Many have commented that Turkey, under Erdogan, is taking on a more Ottoman style. Relations were good between Turkey and Egypt when Egypt was ruled by the Islamic Brotherhood but have since soured. However, Turkey and Saudi Arabia have been on the same side in most regional conflicts, the Turks have invested in Iraq, Erdogan being the first Turkish PM to visit the Kurdish-populated area of Iraq in 2011 (to open a Turkish built airport), going on to visit several Shiite holy places. Turkish relations with Iran have improved, as have those with the Gulf states and Pakistan. In Syria the Turkish government has partnered with the Saudis and Gulf states in backing Islamic rebels against the Assad regime. Erdogan has been expanding Turkish involvement and influence throughout the Middle East, throughout the former Ottoman Empire. He has so mimicked the Ottoman style that some have suggested he intends to make himself Sultan. Rather than laughing off such an absurd suggestion, Erdogan replied that he would prefer to have a more ceremonial position, like Queen Elizabeth II of the UK which is not exactly a denial.

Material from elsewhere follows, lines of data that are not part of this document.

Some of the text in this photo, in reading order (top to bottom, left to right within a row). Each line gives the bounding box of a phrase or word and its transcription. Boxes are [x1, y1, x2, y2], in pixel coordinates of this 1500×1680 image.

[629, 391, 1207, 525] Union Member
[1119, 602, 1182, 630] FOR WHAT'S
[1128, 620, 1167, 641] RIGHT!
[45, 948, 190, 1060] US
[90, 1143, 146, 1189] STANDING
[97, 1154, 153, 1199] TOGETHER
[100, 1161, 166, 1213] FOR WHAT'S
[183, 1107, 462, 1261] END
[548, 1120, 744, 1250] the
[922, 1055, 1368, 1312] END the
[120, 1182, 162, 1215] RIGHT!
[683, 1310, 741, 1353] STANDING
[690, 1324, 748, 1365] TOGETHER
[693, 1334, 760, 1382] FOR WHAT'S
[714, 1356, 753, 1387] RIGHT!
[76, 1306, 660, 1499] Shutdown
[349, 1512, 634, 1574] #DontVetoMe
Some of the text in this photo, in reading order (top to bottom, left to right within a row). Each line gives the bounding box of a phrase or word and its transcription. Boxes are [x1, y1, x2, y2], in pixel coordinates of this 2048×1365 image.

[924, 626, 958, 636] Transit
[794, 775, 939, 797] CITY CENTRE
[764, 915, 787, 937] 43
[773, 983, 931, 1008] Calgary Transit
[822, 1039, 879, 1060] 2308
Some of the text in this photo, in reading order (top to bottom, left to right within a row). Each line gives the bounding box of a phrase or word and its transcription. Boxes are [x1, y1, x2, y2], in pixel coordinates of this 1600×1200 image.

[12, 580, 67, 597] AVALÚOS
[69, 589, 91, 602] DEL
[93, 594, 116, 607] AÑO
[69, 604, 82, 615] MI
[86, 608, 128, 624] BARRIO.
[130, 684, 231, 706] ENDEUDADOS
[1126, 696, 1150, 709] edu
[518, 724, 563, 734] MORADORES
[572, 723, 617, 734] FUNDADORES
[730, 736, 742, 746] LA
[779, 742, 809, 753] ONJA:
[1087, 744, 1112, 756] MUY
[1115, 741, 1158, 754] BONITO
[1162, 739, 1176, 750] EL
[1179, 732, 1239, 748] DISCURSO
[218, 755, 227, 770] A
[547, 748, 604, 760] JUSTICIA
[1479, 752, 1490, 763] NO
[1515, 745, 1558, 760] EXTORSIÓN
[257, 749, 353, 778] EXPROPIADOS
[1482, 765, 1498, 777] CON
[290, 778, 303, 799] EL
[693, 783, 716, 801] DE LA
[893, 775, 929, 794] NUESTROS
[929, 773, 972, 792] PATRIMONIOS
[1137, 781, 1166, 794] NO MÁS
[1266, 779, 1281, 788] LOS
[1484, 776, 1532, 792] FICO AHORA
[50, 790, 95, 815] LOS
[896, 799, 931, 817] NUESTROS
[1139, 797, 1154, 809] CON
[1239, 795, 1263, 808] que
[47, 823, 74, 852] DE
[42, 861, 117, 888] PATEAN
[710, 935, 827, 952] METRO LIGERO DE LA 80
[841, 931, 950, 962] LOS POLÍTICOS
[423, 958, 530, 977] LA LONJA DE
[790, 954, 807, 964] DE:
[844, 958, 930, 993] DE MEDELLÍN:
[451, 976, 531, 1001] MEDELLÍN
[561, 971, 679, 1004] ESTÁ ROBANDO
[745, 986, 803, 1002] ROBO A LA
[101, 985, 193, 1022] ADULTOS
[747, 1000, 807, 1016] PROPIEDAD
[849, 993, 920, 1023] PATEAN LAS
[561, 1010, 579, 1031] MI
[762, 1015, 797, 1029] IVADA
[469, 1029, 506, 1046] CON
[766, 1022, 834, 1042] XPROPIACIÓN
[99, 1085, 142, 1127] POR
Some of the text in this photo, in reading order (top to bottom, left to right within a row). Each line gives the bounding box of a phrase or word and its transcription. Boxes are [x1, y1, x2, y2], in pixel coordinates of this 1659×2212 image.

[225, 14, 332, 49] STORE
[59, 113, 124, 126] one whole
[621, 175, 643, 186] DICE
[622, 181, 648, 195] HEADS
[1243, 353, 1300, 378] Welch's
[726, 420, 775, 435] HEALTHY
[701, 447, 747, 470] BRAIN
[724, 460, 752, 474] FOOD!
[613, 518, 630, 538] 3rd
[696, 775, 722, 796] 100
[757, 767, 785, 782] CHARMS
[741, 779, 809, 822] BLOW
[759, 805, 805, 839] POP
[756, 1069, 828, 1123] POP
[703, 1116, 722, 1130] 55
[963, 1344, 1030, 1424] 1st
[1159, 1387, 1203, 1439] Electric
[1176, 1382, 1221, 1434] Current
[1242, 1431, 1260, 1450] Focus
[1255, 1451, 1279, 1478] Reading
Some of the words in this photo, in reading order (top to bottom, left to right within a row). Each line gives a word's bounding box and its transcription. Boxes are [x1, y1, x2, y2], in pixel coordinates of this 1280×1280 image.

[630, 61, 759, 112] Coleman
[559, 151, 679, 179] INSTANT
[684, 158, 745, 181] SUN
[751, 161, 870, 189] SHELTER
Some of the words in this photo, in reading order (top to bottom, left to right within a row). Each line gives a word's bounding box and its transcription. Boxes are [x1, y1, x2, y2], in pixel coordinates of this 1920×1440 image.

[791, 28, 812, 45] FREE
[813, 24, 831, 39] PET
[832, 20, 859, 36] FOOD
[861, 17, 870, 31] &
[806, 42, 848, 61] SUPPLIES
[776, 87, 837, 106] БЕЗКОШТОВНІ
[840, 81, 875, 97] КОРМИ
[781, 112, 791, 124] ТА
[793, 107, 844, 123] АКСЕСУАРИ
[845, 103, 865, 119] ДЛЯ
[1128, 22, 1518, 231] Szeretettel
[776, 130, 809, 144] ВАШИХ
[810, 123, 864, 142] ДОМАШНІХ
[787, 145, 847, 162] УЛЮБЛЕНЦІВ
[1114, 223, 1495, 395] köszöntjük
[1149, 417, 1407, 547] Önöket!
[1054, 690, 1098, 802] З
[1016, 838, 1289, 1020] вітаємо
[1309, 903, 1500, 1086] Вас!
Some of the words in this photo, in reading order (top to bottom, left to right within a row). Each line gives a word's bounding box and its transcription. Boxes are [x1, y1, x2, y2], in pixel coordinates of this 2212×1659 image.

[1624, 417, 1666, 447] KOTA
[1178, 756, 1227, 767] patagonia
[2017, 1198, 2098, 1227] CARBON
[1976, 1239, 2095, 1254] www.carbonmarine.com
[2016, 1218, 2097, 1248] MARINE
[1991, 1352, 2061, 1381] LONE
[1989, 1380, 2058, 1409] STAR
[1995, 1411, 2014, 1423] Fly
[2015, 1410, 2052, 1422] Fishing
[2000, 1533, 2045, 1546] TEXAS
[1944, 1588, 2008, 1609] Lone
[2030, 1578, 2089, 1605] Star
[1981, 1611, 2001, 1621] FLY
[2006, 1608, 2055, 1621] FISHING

Russia, on the other hand, has reversed most of the long-standing foreign policy positions of the old Russian Empire. Imperial Russian opposition to the Turks, Persians and Chinese has been replaced by generous trade, military and energy agreements with Turkey, Iran and China by the Russian Federation. No danger from any quarter other than Western Europe or North America seems to be recognized and yet when it comes to the NATO countries, Russia has steadfastly refused to take a hard line. Whether this is good or bad depends on whether one takes the side of Russia or the west. If you side with the west, it has been good, because Russia has refused to actually challenge the west. If you side with Russia, it has not been good because the west carries on whereas, I have not the slightest doubt, if Russia were to ever actually do as NATO does and say, “do this and it means war”, the west would want no part of that. The current leadership of the western world are the sort to threaten war but not the sort to actually commit to it, at least not a war in which the other side has the capacity to hit back.

1 comment:

  1. OT - Any comments on despicable Prince Charlie vs. excellencies Trump & Putin? Yes, I know things are turned upside down, but...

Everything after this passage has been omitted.